By Jason Koop,
Head Coach of CTS Ultrarunning
For many years I have retained a copy of Mosby’s Manual of Diagnostic and Laboratory Tests that I fully admit was ‘permanently borrowed’ from an old coaching colleague of me. It’s a medical reference manual that is far above my educational pedigree. It’ll as dull as dishwater, will never make Oprah’s Book Club, and will only hold even the heartiest of attention spans for a few minutes. Yet, over the course of my career, when athletes receive results from bloodwork I will always reach for this book, take a chug of coffee, and dive right to the dogeared pages to better inform my analysis.
Using blood biomarkers to inform training is becoming increasingly popular and accessible for athletes. What was once confined to elite athletes working with dedicated sports and health professionals is now becoming more commercialized. That’s mostly because it’s a lot easier than it used to be. In the old days, you had to schedule an appointment, go into the doctor’s office and have a phlebotomist stick a needle in your arm to draw a few tubes of blood. Now, that’s being replaced with on-demand appointments and home test kits requiring only a few drops of blood. Results of the blood draw were once coded into an unintelligible array of alphabet soup. Now they are shown with convenient red, yellow and green stoplights, all in an attempt to indicate if you are optimal, suboptimal or failing across any particular biomarker.
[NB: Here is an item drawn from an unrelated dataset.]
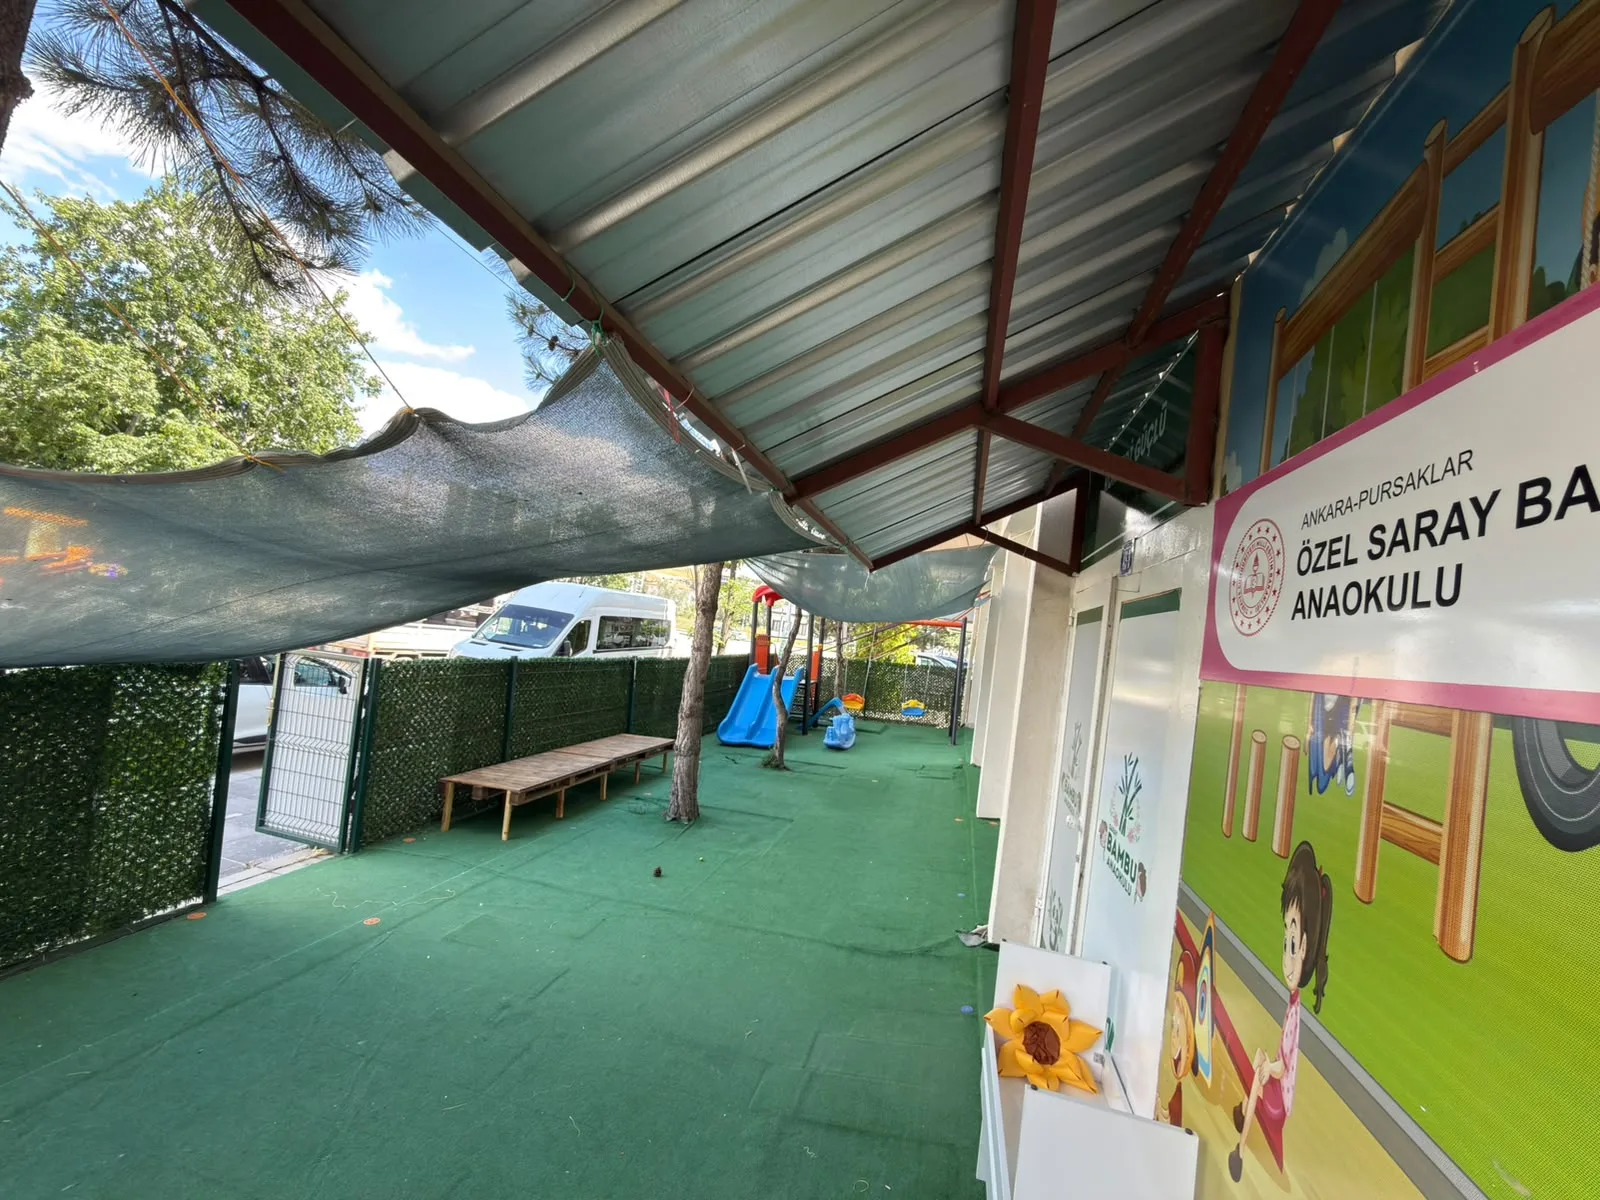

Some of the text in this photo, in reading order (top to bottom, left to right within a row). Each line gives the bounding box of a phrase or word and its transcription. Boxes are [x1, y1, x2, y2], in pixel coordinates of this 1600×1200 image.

[1296, 464, 1600, 576] ÖZEL SARAY BA
[1301, 449, 1473, 530] ANKARA-PURSAKLAR
[1291, 563, 1463, 621] ANAOKULU
[1106, 831, 1137, 884] BAMBU
There are even apps and consumer facing reports that are far more entertaining than my reference manual and include nifty infographics, practical recommendations and a heap of referenced literature to support the advice. You can even pair your results with direct-to-consumer genetic tests in order to gain further insight (or complication).
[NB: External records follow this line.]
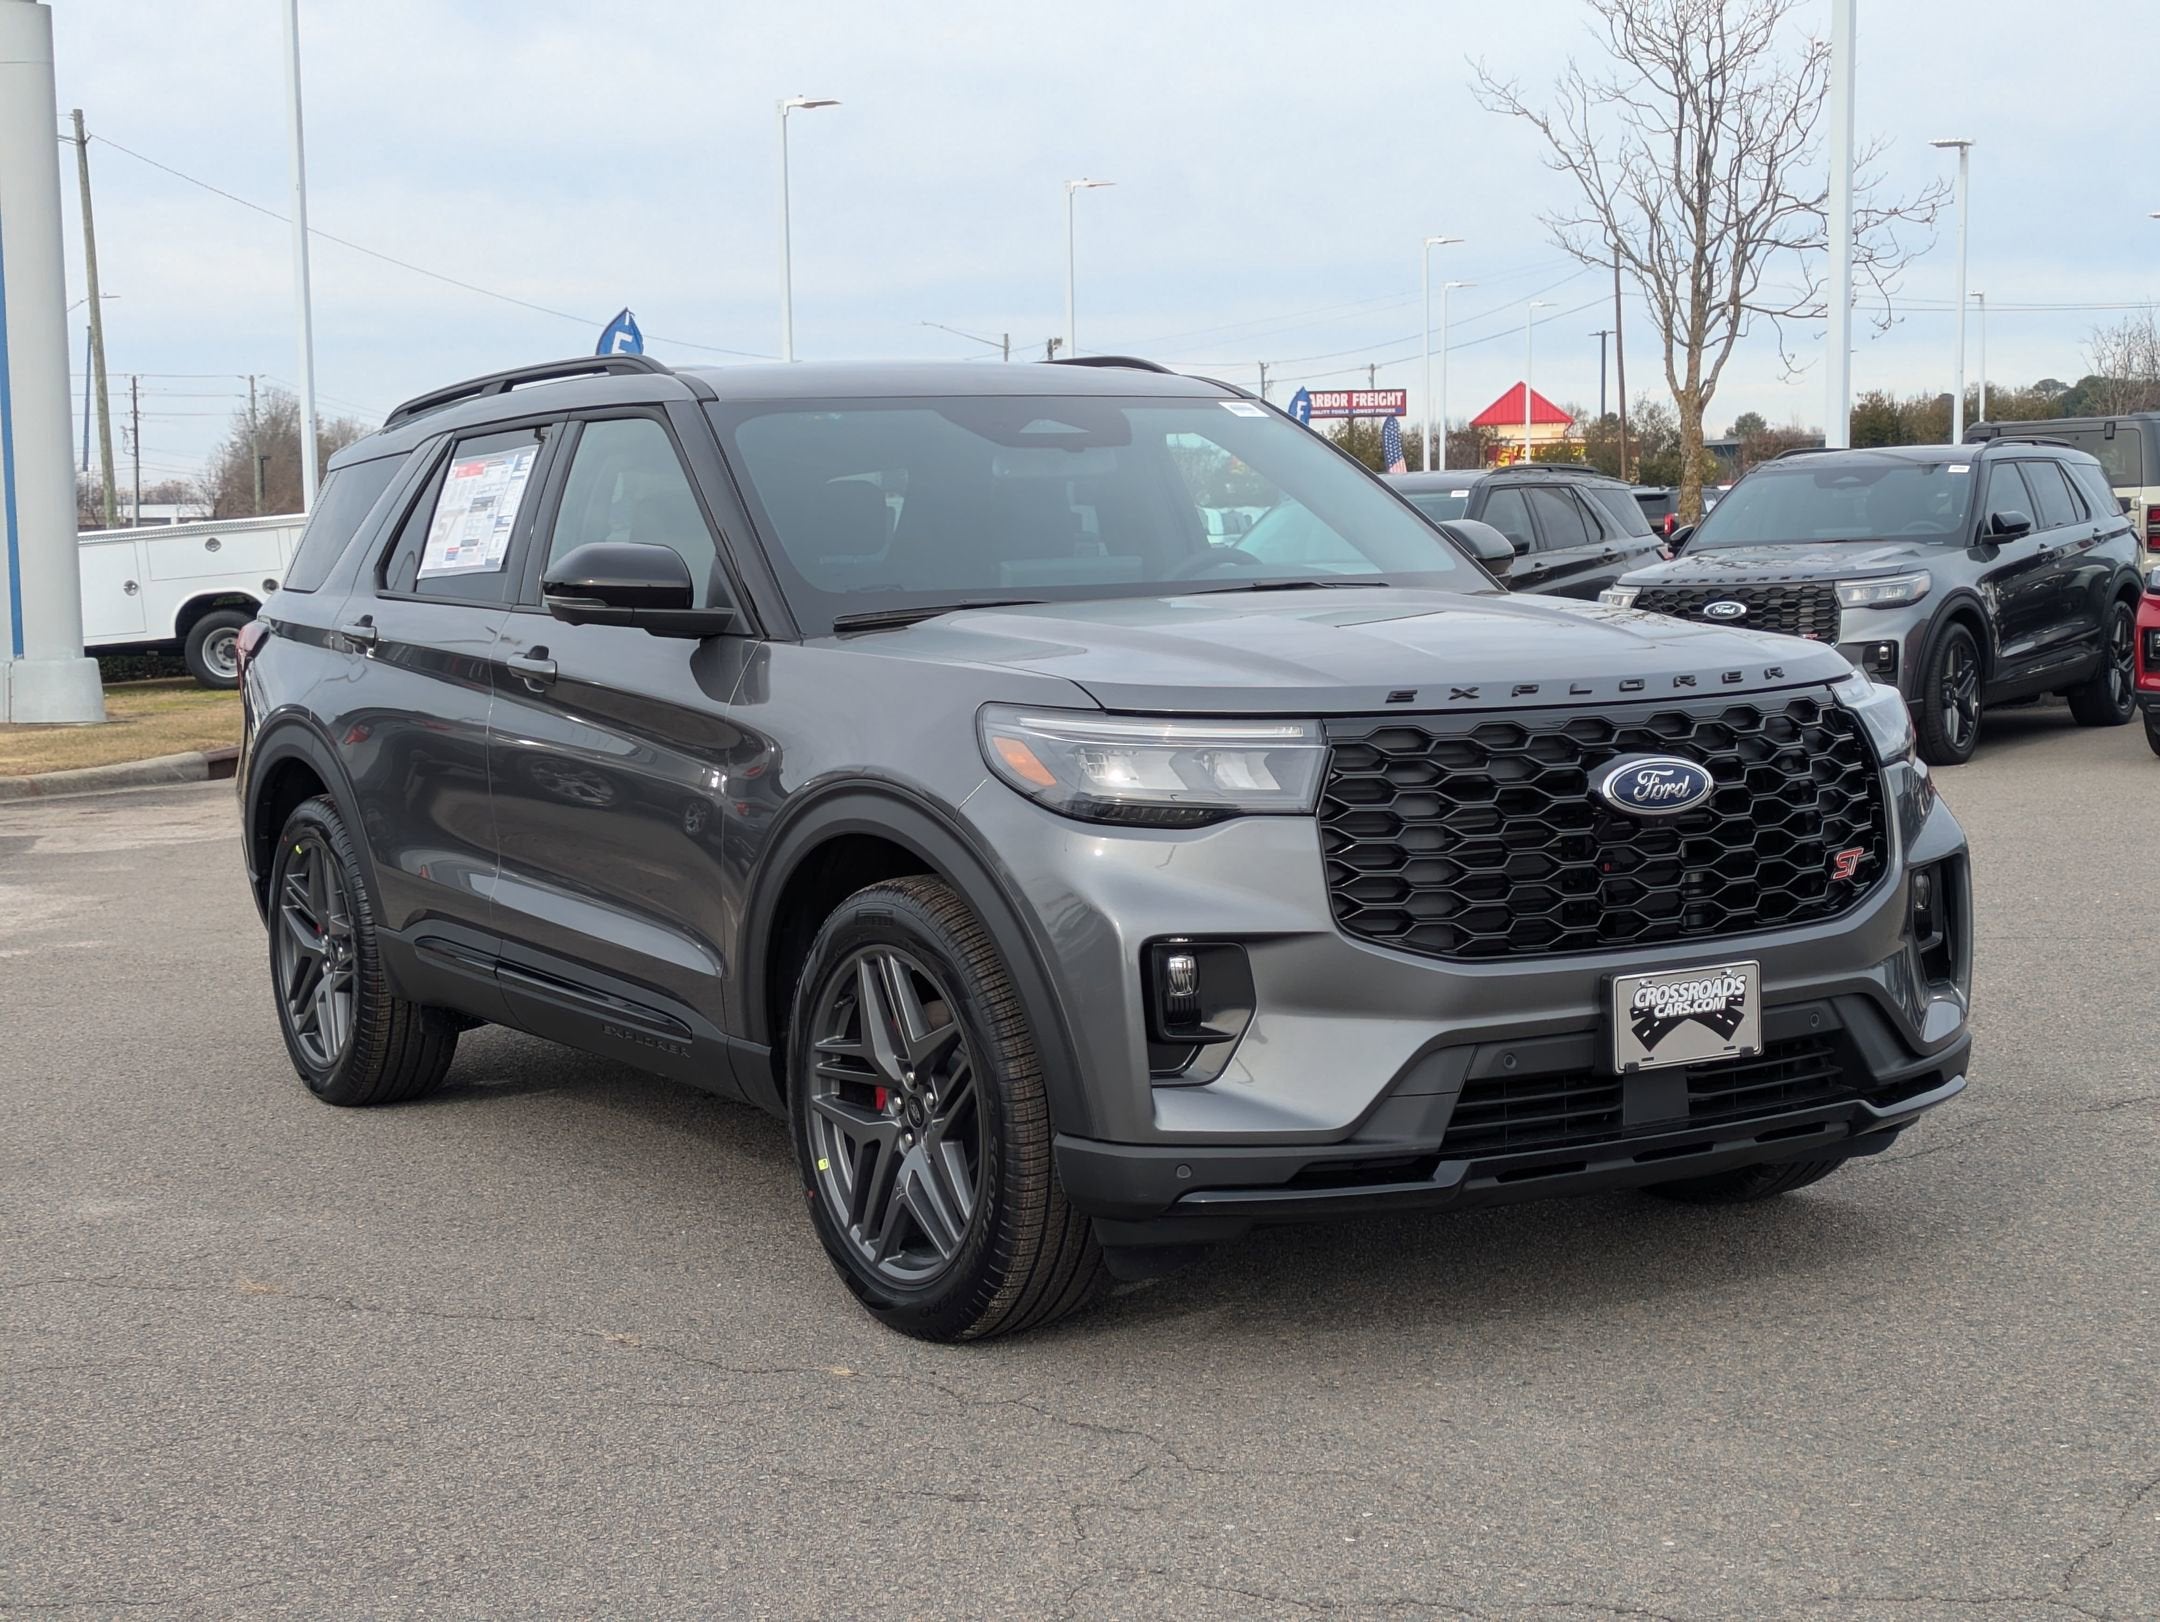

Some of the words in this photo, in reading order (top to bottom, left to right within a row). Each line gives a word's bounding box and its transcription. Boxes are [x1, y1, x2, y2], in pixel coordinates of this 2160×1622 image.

[1309, 393, 1348, 408] ARBOR
[1352, 391, 1403, 407] FREIGHT
[1385, 665, 1786, 704] EXPLORER
[1633, 769, 1691, 801] Ford
[1832, 846, 1865, 880] ST
[1633, 974, 1747, 1009] CROSSROADS
[1653, 996, 1727, 1018] CARS.COM
As convenient and appealing as these testing options have become, the training value for most athletes is much less straight forward. While you can derive informed training decisions from blood biomarker testing, it’s not quite as simple as a pin prick, send it to the lab, and voilà. If you are considering any of these options to inform your training, here’s how you should be thinking about it.
Bloodwork is complicated, bring in some help
When you have your blood drawn and analyzed, you are getting a snapshot of your internal biochemistry at a singular moment in time. The complicating factor with this approach is that your body’s biochemistry adapts across different time courses and it is difficult to interpret what is actually happening from a quick peek at a moment in time. Cortisol for example, which is used as a marker of overtraining (actually overused and relentlessly demonized, if you want my opinion) can fluctuate dramatically within minutes, even at rest, or due to your natural circadian rhythms. Your cumulative training stress also impacts cortisol release, even when measured after the exact same bout of exercise (Meeusen 2004). In other words, the time of day, overall training status, and both acute and chronic training responses can all affect your cortisol levels at the precise moment in time your blood is drawn. Yet, cortisol is commonly used to dichotomously determine if you are ‘overtrained’ or not.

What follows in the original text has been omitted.